10d•$109,417 - $128,702

About The Position

This position is primarily responsible for managing projects and programs that support the development of Phase I cell therapies with our academic partners. This role will also be responsible for supporting the implementation of projects to PMO global standards, Miltenyi business processes, strategic initiatives, and best practices to meet project goals. Support the leadership team in the development of project alignment, with the portfolio, to business strategy, functional constraints, and resource proficiency. The role applies professional expertise and company policies to resolve issues, determine appropriate actions, and refine processes as needed.

Requirements

B.S. in a science-related discipline, e.g. biology, chemistry, biotechnology, biochemistry, molecular biology, or a similar discipline; 5+ years’ experience in a similar role. Cell therapy experience preferred.
Exposure to project management techniques.
Must be familiar with a wide range of clinical research and project management areas, including maintenance of complex schedules, document management, internal/external communications, and regulatory frameworks.
Strong written and verbal communication skills.
Ability to problem-solve and think critically.
Understanding of the pharmaceutical and biotechnology industry.

Nice To Haves

Cell therapy experience preferred.

Responsibilities

Aid in the execution of the Phase I clinical trials from protocol design to the final clinical study report.
Execute high quality, integrated cross-functional plans for the project/clinical trial.
Coordinate the activities of functional groups that comprise the clinical department team for the product including, but not limited to clinical monitoring, data management, statistics, medical writing, medical monitoring, and safety to insure proper conduct and timely completion of all projects.
Apply best practices in the development, initiation, planning, execution, control and closing of projects.

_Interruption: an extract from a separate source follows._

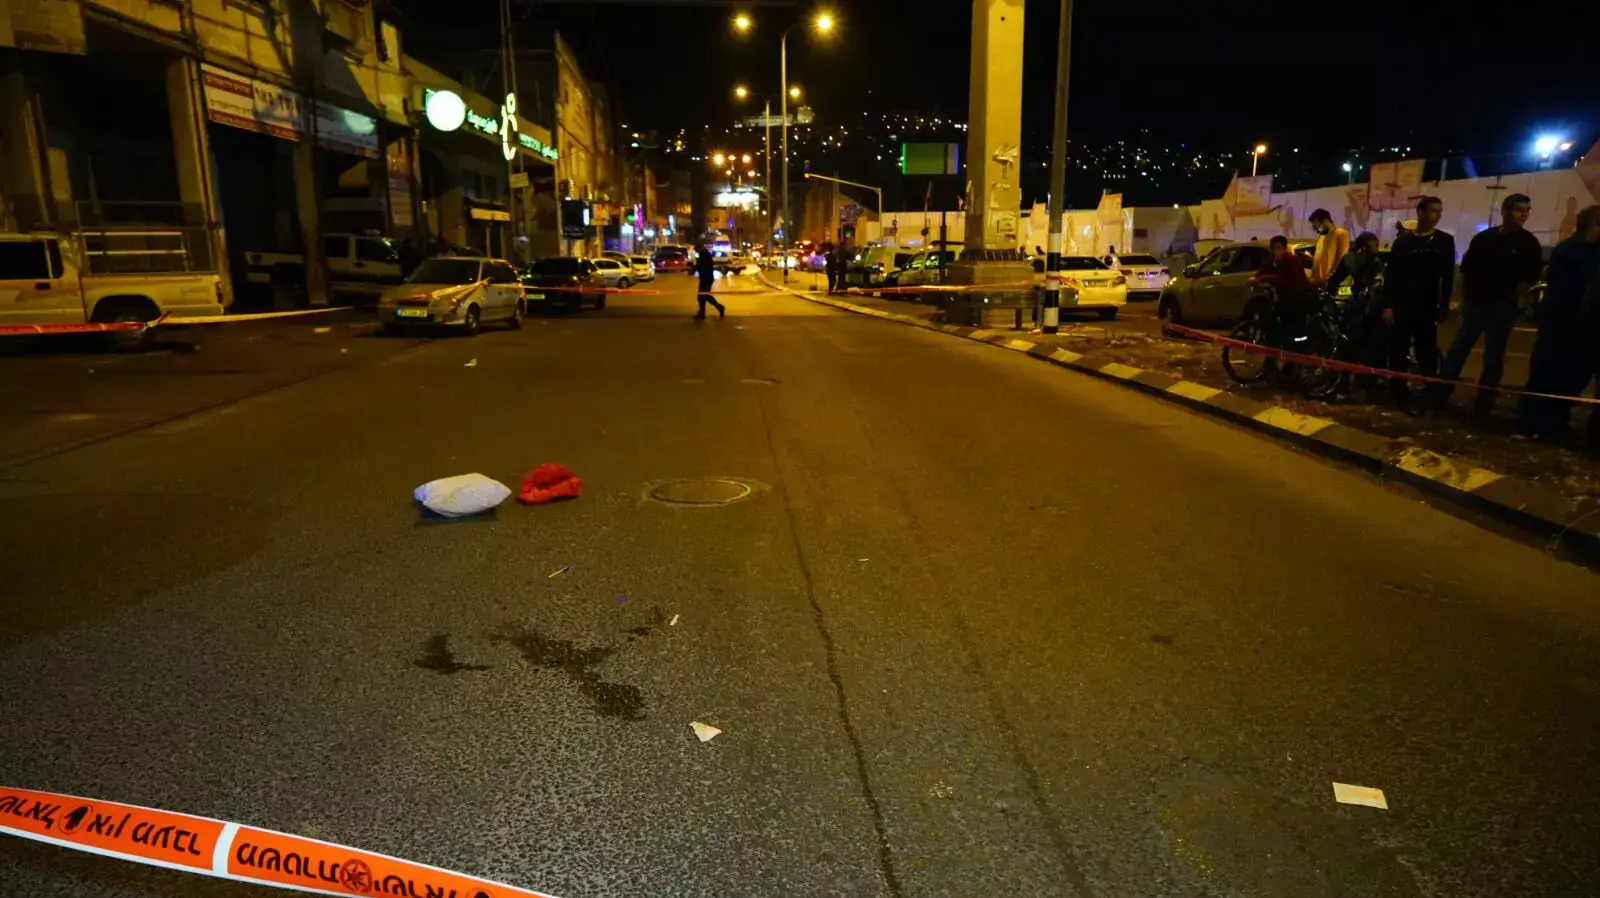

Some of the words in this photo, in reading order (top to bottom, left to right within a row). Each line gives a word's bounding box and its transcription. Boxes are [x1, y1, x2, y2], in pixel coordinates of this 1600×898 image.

Manage resource shipments to clinical trial sites
Cross-functional planning throughout Miltenyi teams to ensure site readiness, including data review and working with local teams to arrange training.
Troubleshoot technical difficulties at the clinical trial sites and leverage other expertise within the Miltenyi team
Manage quarterly meetings with and collect data from the clinical trial sites
Engage multiple Miltenyi groups, including additional R&D teams, Marketing, Regulatory, and Sales, to leverage the resources from the clinical trials to further grow the Miltenyi pipeline and support future sales efforts
Ensure project documents are complete, current, and stored appropriately.
Create a positive environment by working collaboratively
Work with the team or project managers, program manager, and PMO to develop and maintain project KPI’s and dashboards.